This topic lists the options that are used in conjunction with each other to run as non-root user. These two options are only available on Linux systems. These options are available for the and commands.

Options used to run as not-root user

The --privopen and --run-as-user options are used in conjunction to run a Domain Manager with non root privileges. The Domain Manager can startup as root, open privileged ports, and change to a non root user.

Table 1. Additional options for running as non-root on Linux systems
Options Description
--privopen=<arg>[,<arg>] This option is only used in conjunction with the --run-as-user option to run as non root.

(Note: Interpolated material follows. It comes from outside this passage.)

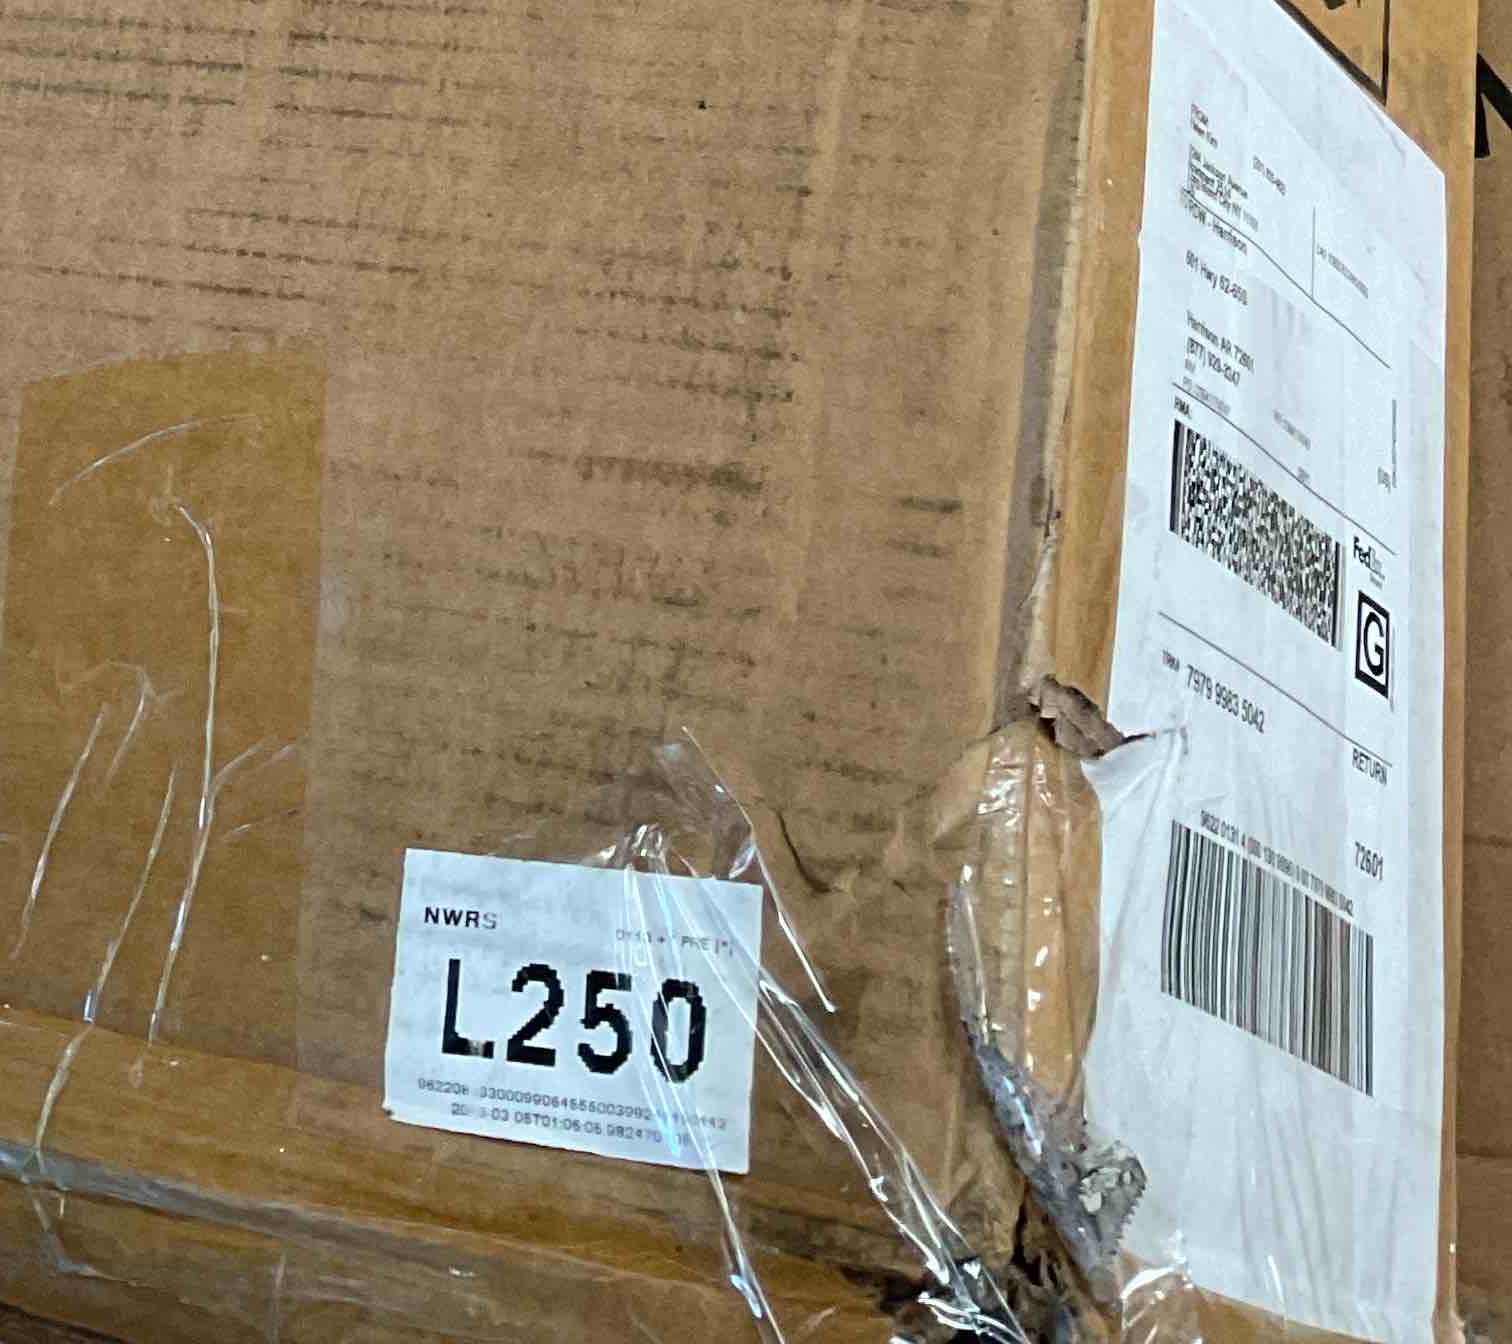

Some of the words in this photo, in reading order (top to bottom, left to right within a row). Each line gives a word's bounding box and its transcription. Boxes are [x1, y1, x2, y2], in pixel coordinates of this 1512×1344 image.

[1363, 612, 1384, 676] G
[1355, 841, 1384, 880] 72601
[442, 958, 707, 1085] L250

Opens privileged sockets. The <arg> parameter has the following syntax:

<type>[:<family>]:<port>[,#<count>]

where:

  • <type> is one of the following:
    • TCP (for a TCP connection)
    • UDP (for a datagram)
    • IP (for a raw socket)
  • <family> is one of the following:
    • :v4 (IPv4 address family)
    • :v6 (IPv6 address family)

If <family> is not specified, the address family defaults to IPv4.

  • <port> is one of the following:
    • The required privileged port for a TCP socket
    • The required privileged port for a UDP socket
    • The protocol for IP
  • <count> is the number of sockets of the type, family and port. The default count is 1.

--run-as-user=<username>
Note: This option is only used in conjunction with the --privopen option to run as non-root user.

Specifies a valid user name.

Opening multiple ports by repeating the <arg> parameter. Each instance is separated by a comma (,).

--privopen=UDP:v4:161,#2

--privopen=IP:1,#6

--privopen=IP:v6:58,#6

--run-as-user=testuser1

In this example:

  • The first privopen line opens two UDP IPv4 sockets on port 161.
  • The second privopen line opens six raw IPv4 sockets for ICMP.
  • The third privopen line opens six raw IPv6 sockets for ICMPv6.

After the sockets are opened, the process will change to run as user, “testuser1.”